G.P.15.09 Unexpected high percentage of asymptomatic subjects carrying the FSHD molecular defect: Which factors contribute to the disease mechanism?

Facioscapulohumeral muscular dystrophy (FSHD) is an autosomal dominant myopathy characterized by selective involvement of muscle groups and wide variability in clinical spectrum. Penetrance is considered complete by the age of 50. The FSHD molecular defect consists in reduced number of a 3.3 kb repeat (D4Z4) tandemly arrayed on chromosome 4q. The presence of EcoRI alleles shorter that 38 kb is considered diagnostic for the disease.
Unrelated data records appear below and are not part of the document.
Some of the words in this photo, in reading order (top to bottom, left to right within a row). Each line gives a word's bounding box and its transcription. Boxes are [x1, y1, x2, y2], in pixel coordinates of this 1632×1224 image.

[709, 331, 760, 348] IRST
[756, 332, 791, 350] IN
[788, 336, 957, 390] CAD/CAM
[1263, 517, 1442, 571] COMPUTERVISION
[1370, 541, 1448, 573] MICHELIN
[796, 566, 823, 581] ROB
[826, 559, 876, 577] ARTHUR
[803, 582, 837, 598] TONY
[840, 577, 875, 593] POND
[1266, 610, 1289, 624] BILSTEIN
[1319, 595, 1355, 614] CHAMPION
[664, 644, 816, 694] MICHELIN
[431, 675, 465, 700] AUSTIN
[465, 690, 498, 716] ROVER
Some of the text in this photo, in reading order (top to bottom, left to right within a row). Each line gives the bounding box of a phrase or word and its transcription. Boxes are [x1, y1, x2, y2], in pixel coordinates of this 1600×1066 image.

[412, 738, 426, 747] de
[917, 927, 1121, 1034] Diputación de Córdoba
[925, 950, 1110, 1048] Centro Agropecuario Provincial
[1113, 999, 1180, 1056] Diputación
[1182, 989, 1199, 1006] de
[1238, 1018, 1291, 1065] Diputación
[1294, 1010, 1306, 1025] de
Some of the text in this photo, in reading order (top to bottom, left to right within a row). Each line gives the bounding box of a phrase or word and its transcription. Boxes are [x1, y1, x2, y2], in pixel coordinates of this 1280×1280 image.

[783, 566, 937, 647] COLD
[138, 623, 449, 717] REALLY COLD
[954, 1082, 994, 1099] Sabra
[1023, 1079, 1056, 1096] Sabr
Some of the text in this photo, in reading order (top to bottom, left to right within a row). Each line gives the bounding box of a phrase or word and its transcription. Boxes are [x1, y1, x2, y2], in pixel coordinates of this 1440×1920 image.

However since molecular analysis has become a widely used tool for FSHD diagnosis, several observations have emerged to complicate the evaluation of FSHD patients and therefore prognosis. To obtain information that can define the natural history of the disease and eventually generate prognostic tools, we collected clinical and molecular data from a large, molecularly defined cohort of FSHD subjects. The clinical severity of the disease was numerically defined by using a clinical evaluation scale specifically designed. The FSHD score, which may range from 0 (no signs) to 15 (wheelchair bound), was generated through the functional evaluation of six muscle groups affected in FSHD (available at www.fshd.it). 350 subjects carrying D4Z4 deleted alleles and belonging to FSHD families were examined. Our analysis revealed that over 30% of these subjects carrying D4Z4 deletion are asymptomatic (FSHD score 0–1). Notably, the percentage of asymptomatic carriers is 38% in carriers of age ranging between 41–50 years and is still 22% within the group of carriers of 61–71 years of age. Interestingly, in families in which two deleted alleles segregate the percentage of asymptomatic subjects increases to 44%. These findings indicate that D4Z4 deletion is necessary but not sufficient to cause the disease and emphasize the complexity of the mechanisms underlying FSHD pathophysiology. Identification and definition of the weight of additional factors in the development of FSHD will lay the basis for a more precise prognosis and future therapeutic intervention.